● **INSTRUCTIONS TO FOLLOW**:
Give back the lines below exactly, but do not include any pictures.

INFORMATION SHOWN section start

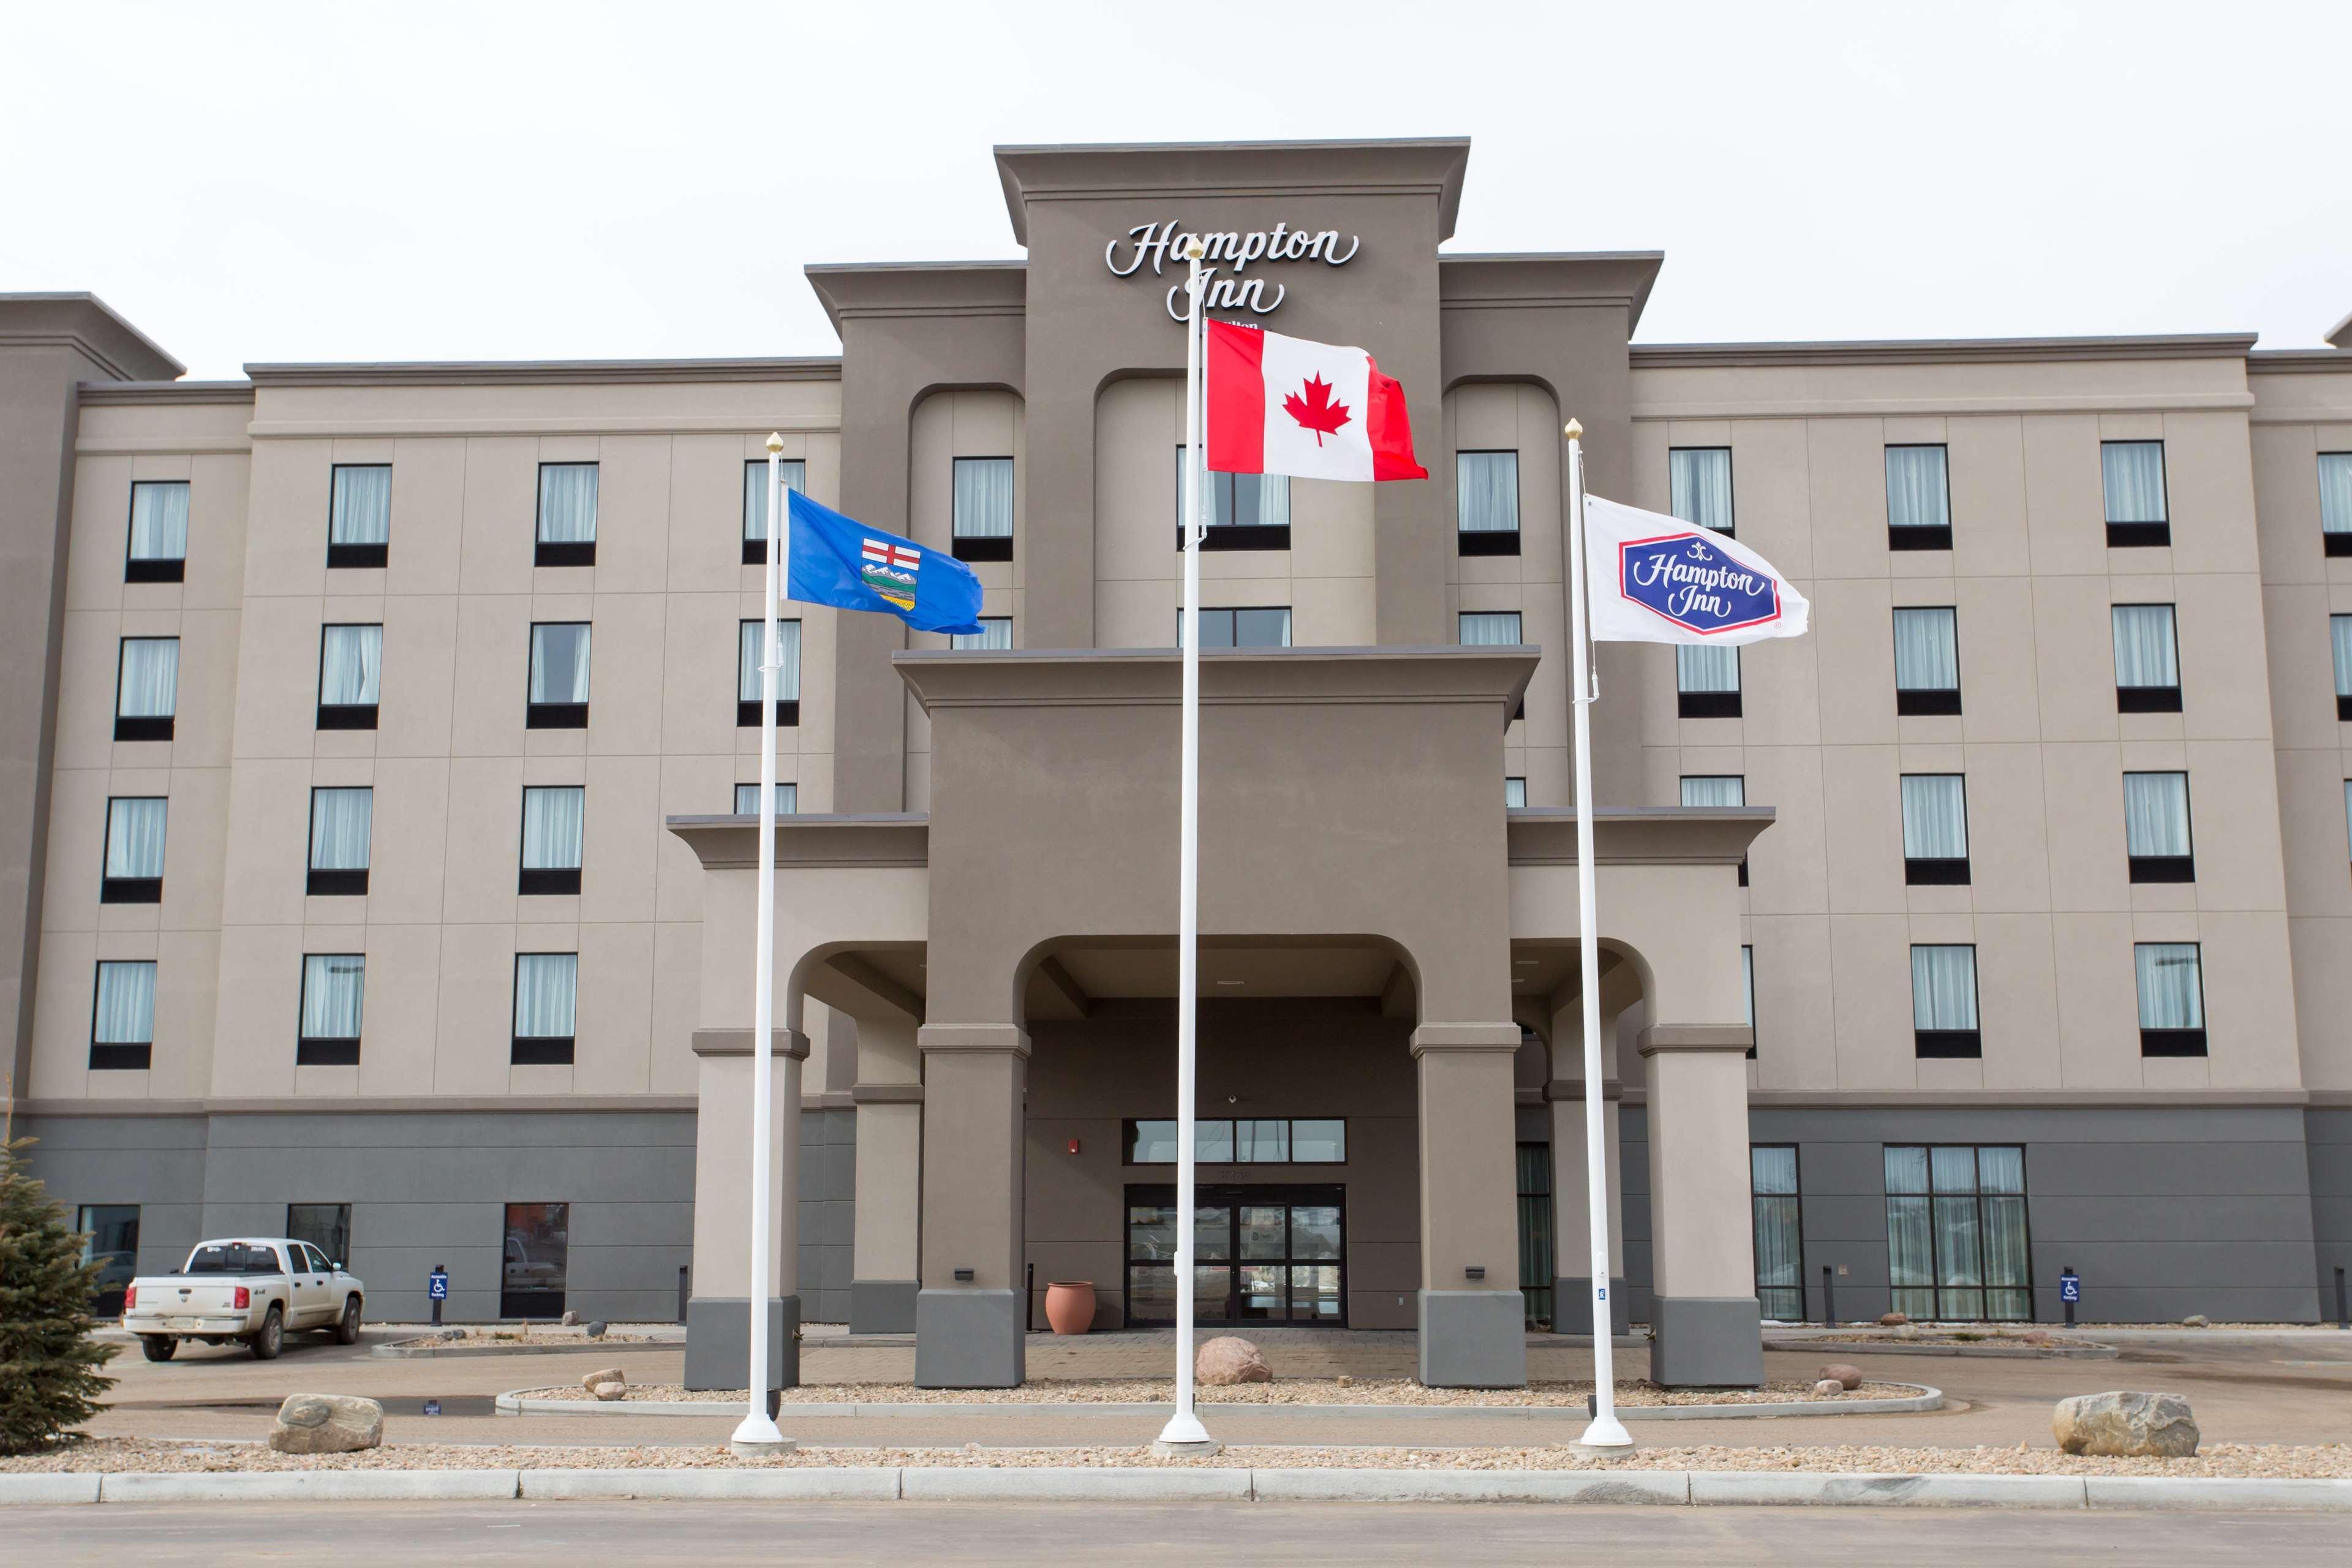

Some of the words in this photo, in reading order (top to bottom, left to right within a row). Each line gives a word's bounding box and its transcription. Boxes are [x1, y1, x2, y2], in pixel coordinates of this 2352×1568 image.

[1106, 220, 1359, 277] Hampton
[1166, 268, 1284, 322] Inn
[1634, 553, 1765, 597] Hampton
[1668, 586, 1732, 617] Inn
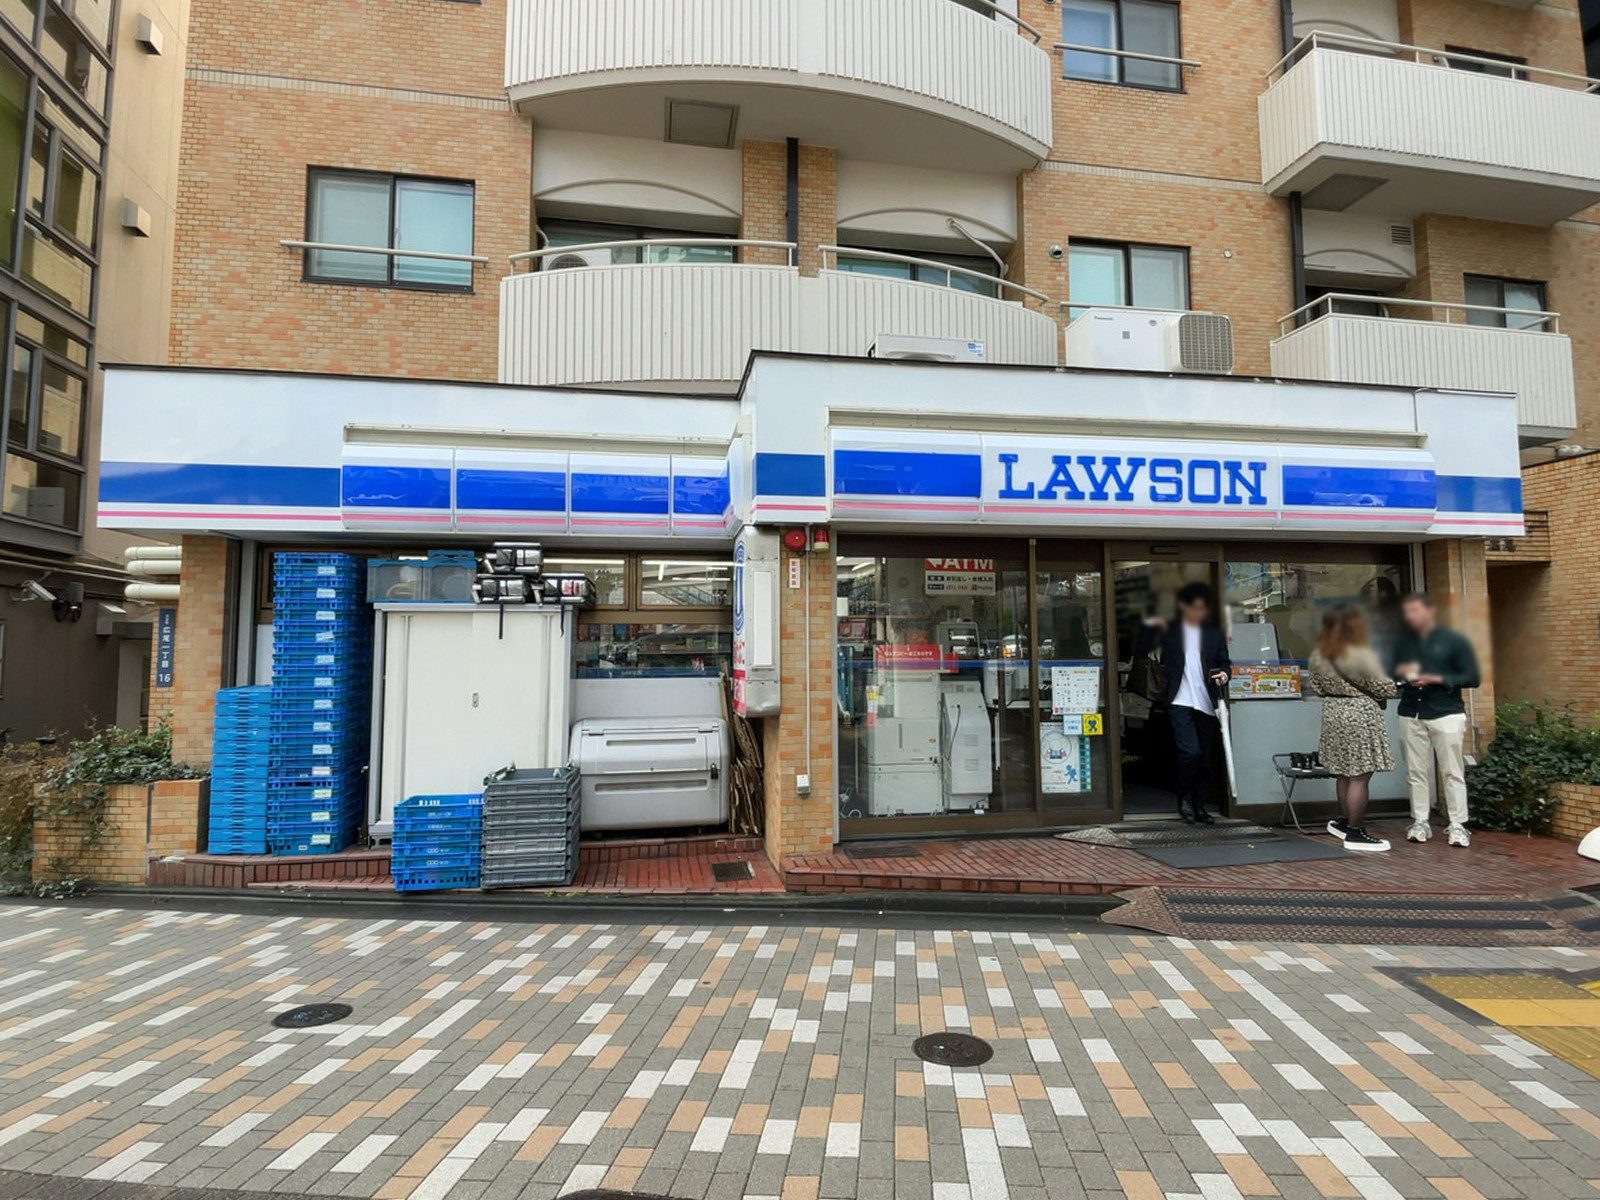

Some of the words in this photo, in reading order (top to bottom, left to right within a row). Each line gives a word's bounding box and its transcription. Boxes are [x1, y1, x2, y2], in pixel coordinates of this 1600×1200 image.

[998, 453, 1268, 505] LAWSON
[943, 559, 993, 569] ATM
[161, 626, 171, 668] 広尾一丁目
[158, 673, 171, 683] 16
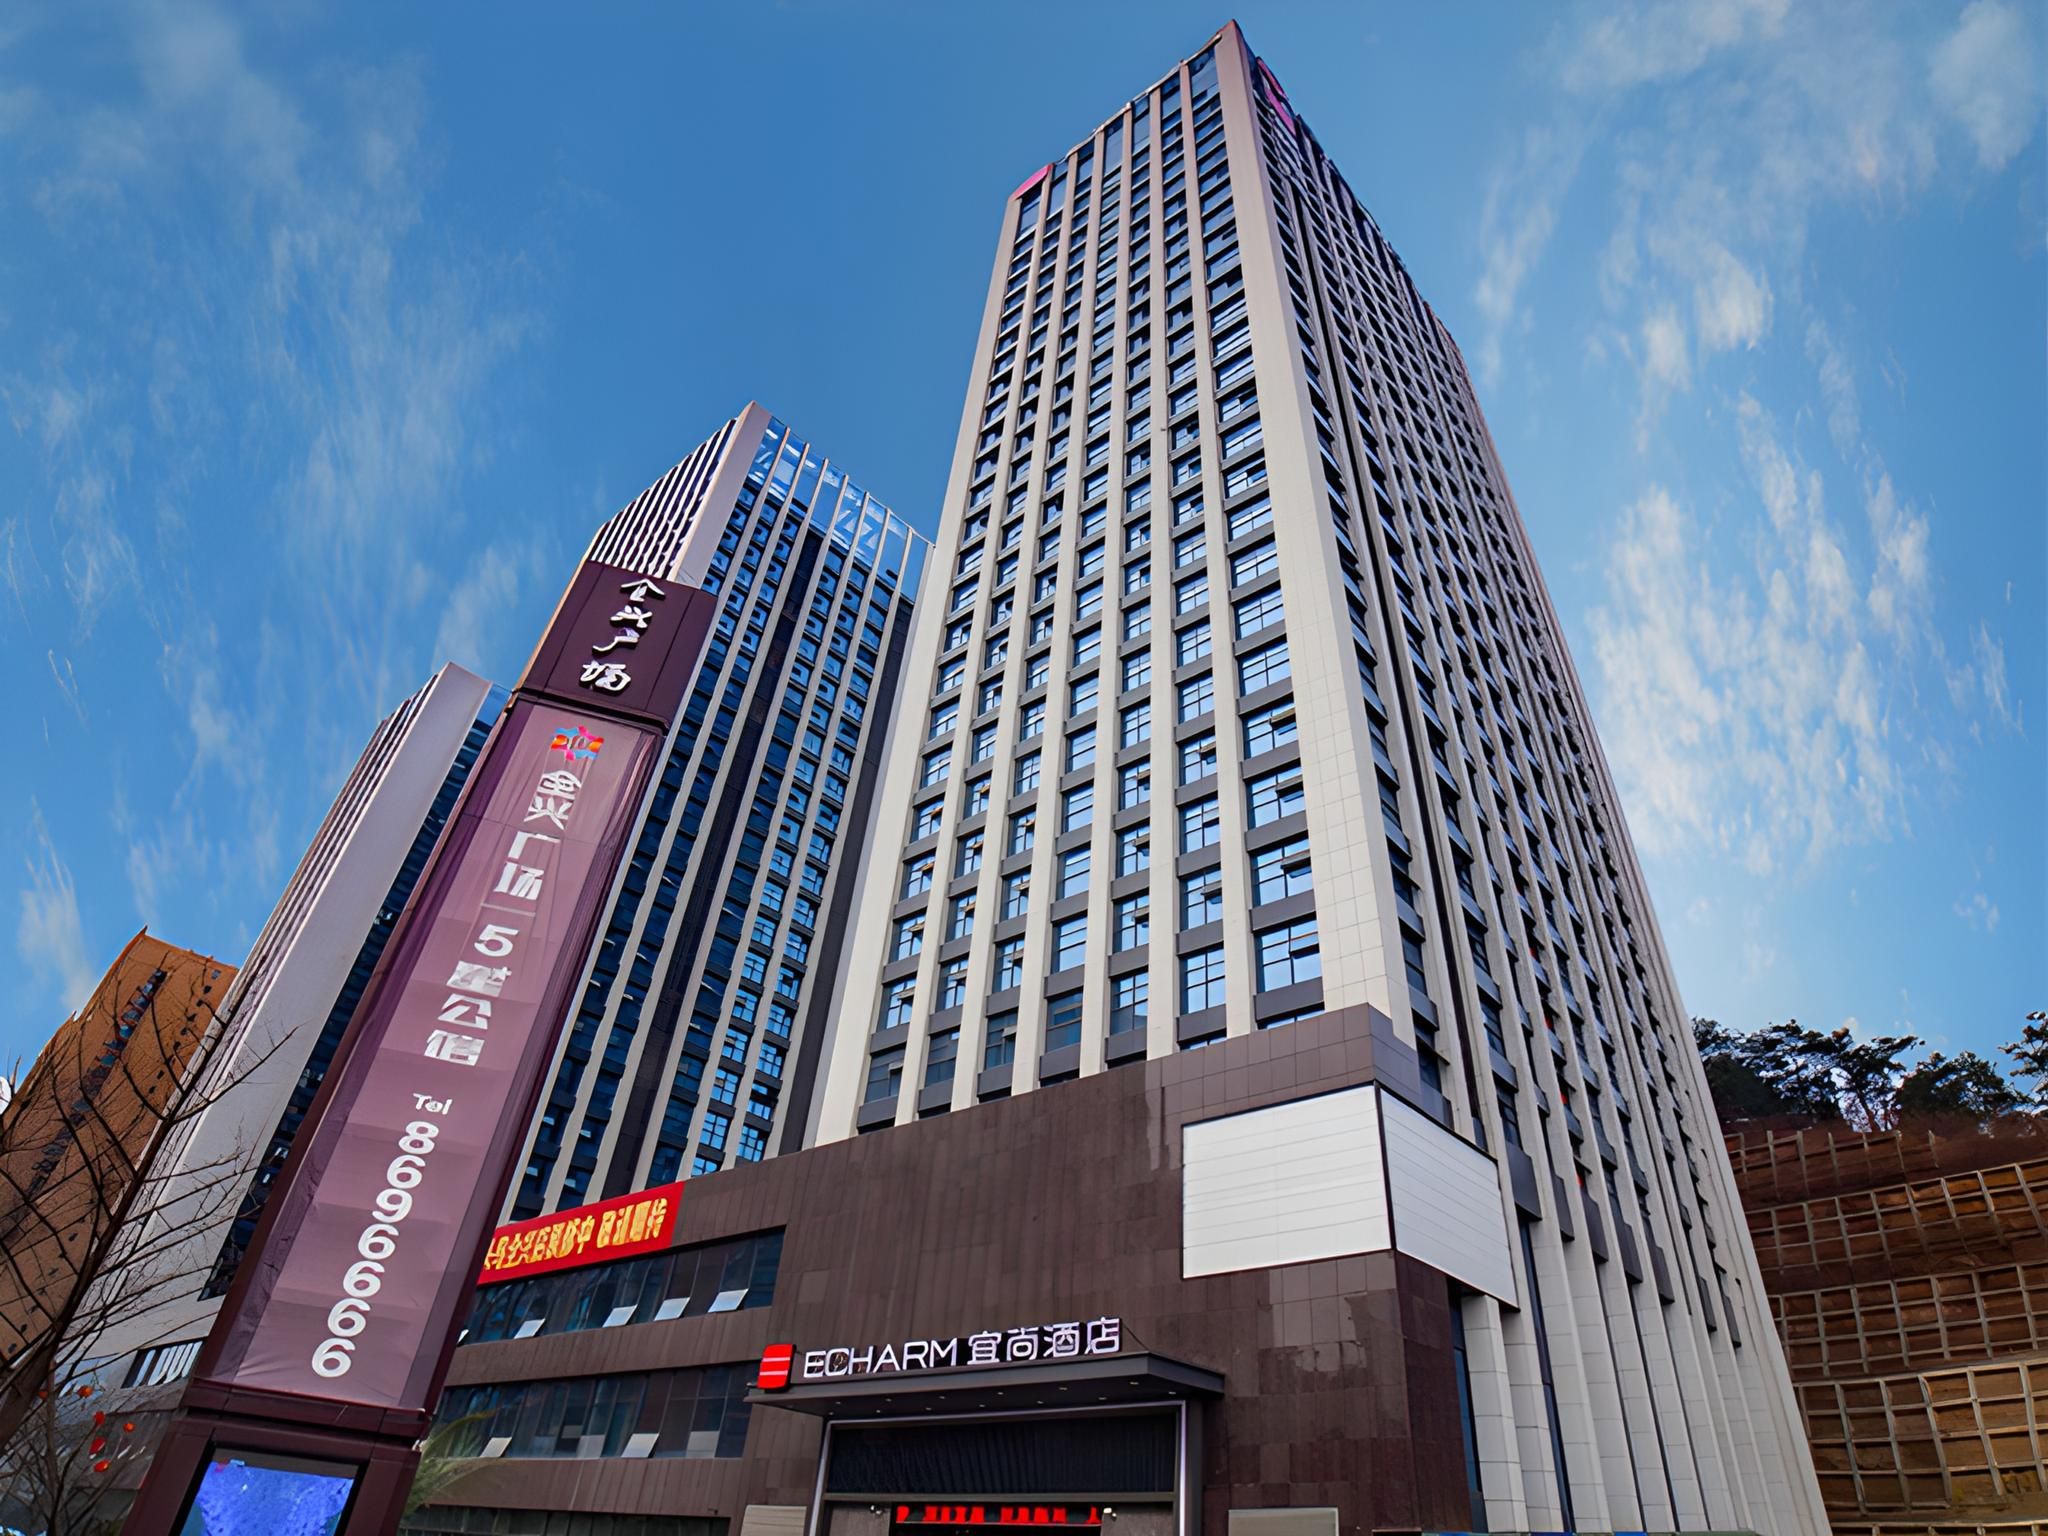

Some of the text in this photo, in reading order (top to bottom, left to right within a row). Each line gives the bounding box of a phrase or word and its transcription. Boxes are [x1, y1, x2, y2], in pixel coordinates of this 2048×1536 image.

INFORMATION SHOWN section end

● **SOLUTION FOR THIS TASK**:
Some of the words in this photo, in reading order (top to bottom, left to right within a row). Each line gives a word's bounding box and its transcription. Boxes are [x1, y1, x2, y2], in pixel coordinates of this 2352×1568 image.

[1106, 220, 1359, 277] Hampton
[1166, 268, 1284, 322] Inn
[1634, 553, 1765, 597] Hampton
[1668, 586, 1732, 617] Inn

Some of the words in this photo, in reading order (top to bottom, left to right within a row). Each line gives a word's bounding box and its transcription. Boxes are [x1, y1, x2, y2], in pixel coordinates of this 1600×1200 image.

[998, 453, 1268, 505] LAWSON
[943, 559, 993, 569] ATM
[161, 626, 171, 668] 広尾一丁目
[158, 673, 171, 683] 16

Some of the text in this photo, in reading order (top to bottom, left to right within a row). Each line gives the bounding box of a phrase or word and its transcription. Boxes are [x1, y1, x2, y2], in pixel coordinates of this 2048×1536 image.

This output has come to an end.